Almost exactly seven years ago, on February 28, 2008, Penn State Assistant Track Coach, Fritz Spence, was diagnosed with acute myeloid leukemia (AML). Five months after his diagnosis, following Fritz's second failed round of chemotherapy, Wade Spence donated marrow to his brother. Statistically speaking, Fritz's odds were about 50/50 that he'd make it five years cancer free. 25 days shy of the five-year mark, Fritz relapsed.
Wade matched Fritz for all eight of the human leukocyte antigen (HLA) markers - the genetic markers that are used to determine suitability for a bone marrow transplant. Now Wades's cells appear to have matched too perfectly. The cancer that so readily plaqued Fritz, find's his brother's donated genetics equally hospitable.
Bone marrow transplants are unique from organ, bone or tissue transplants because the donor/recipient blood types don't matter.
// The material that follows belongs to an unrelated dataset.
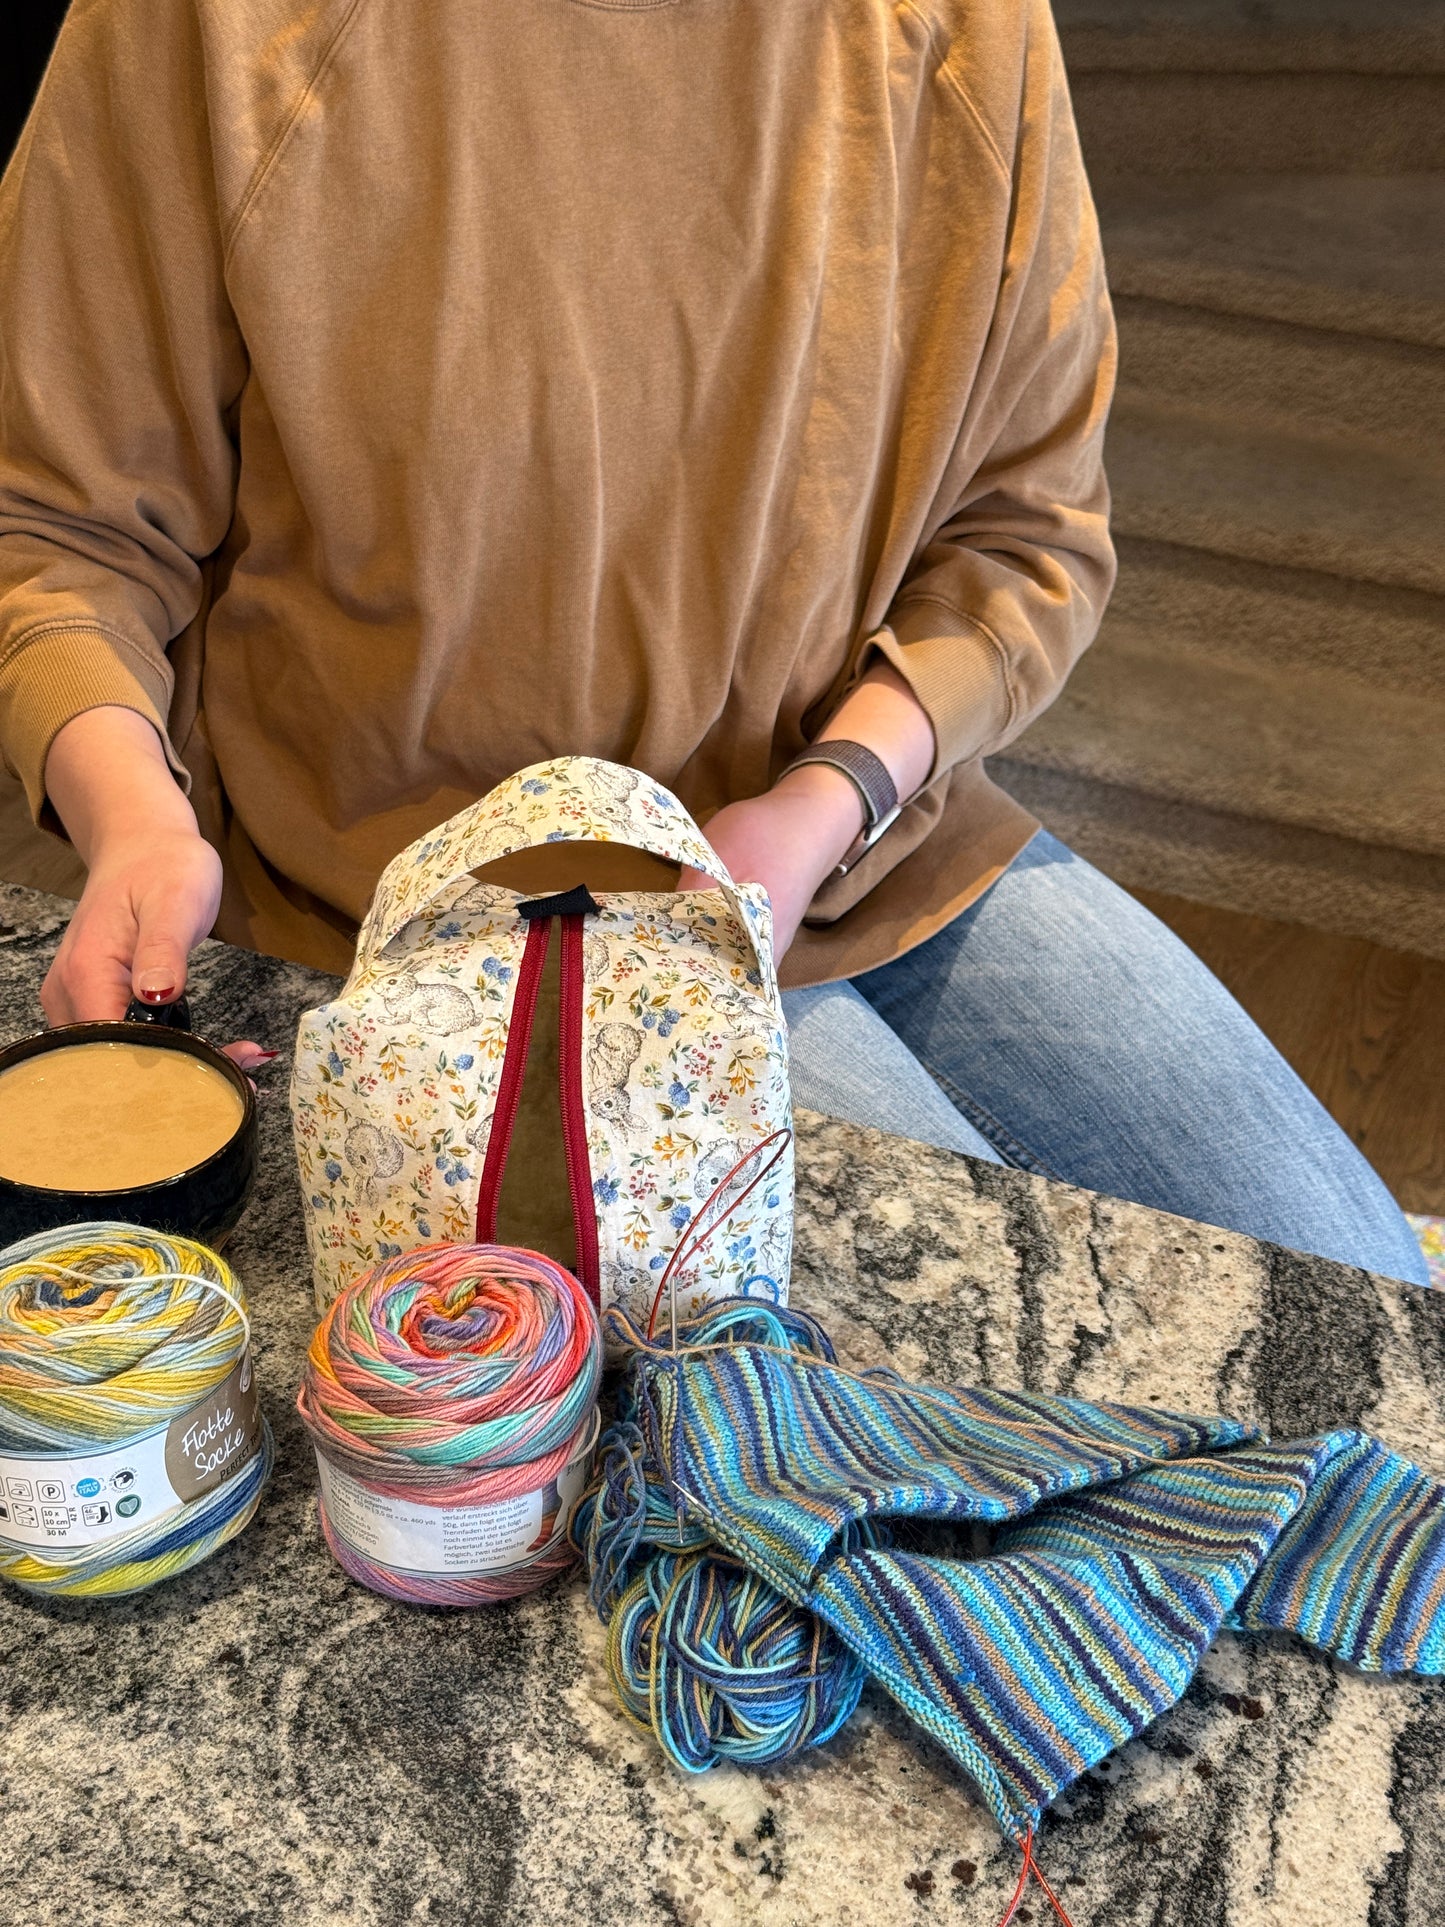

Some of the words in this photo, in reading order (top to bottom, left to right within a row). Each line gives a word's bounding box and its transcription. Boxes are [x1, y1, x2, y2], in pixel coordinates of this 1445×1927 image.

Marrow from a donor who is genetically close enough to a patient replaces that of the sick person and takes over making his or her blood. When someone has leukemia, it's the blood that's cancerous. After chemotherapy and/or radiation kill off a patient's disease bearing blood - and the marrow that created it - doctors use an IV drip to infuse the donor's marrow. The new cells find their way into the bones, take over production, and - in many cases - the patient is cured.
In Fritz's case, he needs a less close match: a donation from someone like him but not exactly like him. Fritz explains, "We're hoping for a female, unrelated, with seven out of eight markers." And while a cancer sufferer's chances are better than ever of finding a match through the National Marrow Donor Program's Be the Match Registry, Fritz's odds aren't as good as they should be, because he's black.
Be the Match Registry Community Engagement Representative, Aimee Haskew, has been working with Fritz trying to get more people, especially African-Americans, to come forward and be tested. Haskew says that the demand for marrow matching the tissue types for people of color is quite high - not just because of leukemia - but because it's the only treatment known to cure sickle cell anemia, a genetic blood disorder that is most common in persons of African descent.
So, for African-Americans, the need for marrow donors is high but only 7% of those screened are black. That's about half of what it should be if folks like Fritz are going to find the match they so desperately need.
Haskew says that there are many reasons individuals don't register, "They don't know how easy it is. There's no blood test, just a swab of the inside of a person's mouth. And they think it's going to hurt. But for about half the donations now, we can use a method similar to donating plasma, no surgery required."
Fritz agrees. People need to be educated about bone marrow transplants. Fritz recalls, "When I go on marrow drives and I talk to individuals they aren't aware of the process. A lot of what they understand they've heard from other people who haven't donated. They think the marrow comes from their hip or their spine, but in many cases they can just spin off T-cells."
But it's not just the pain of donating that keeps culturally diverse people from having the marrow screenings, Fritz explained, "Black people remember Tuskegee. There is a preconceived idea that the system can't be trusted..." Fritz has anecdotal evidence that a large percent of the people who vocalize some fear of donating to him, "speak of Tuskegee."
According to the Centers for Disease Control and Prevention, from 1932 until 1972, "the Public Health Service, working with the Tuskegee Institute, began a study to record the natural history of syphilis... The study initially involved 600 black men - 399 with syphilis, 201 who did not have the disease." During the study, none of the infected patients were ever told that they had syphilis, and even after 1947 - when penicillin became the standard cure - none of the patients were ever treated for the disease.
In the minds those who recount the Tuskegee experiments, government agencies as well as private medical practitioners share the blame for this unethical treatment of black test subjects. As late as 1969, the American Medical Association supported continuing the "Tuskegee Study of Untreated Syphilis in the Negro Male," even after unknowing men infected their wives and unknowing wives delivered babies with gestational syphilis.
On May 16, 1997, President Bill Clinton apologized to the victims, though only a handful of them were still alive to hear his words.
As Fritz considers the possibility of needing a new marrow donor he does so with a fair amount of bewilderment, "For me, I know a lot about it. So the fear frustrates me. It frustrates me that people don't want to do it just because they don't know how it really works."
Fritz doesn't let his angst stop him from organizing, even though he admits, "It's not that easy," to tackle ingrained suspicions or physical anxiety. Bone Marrow drives have been organized on his own Penn State campus and Fritz says he knows these campaigns are successful because, "My student athletes know me. I know they were afraid but they came forward because it was me."
Fritz believes that the best way to reach the African American community is to do home visits, similar to the March of Dimes door-to-door campaigns. Fritz says it will take outreach to churches, organizations and community groups in the neighborhoods where people of color live in order to overturn what Haskew describes as, "the effects of hundreds of years of history."
Still, Fritz wants everyone to know, regardless of ethnicity, "You could be the cure for somebody else. You could save a life."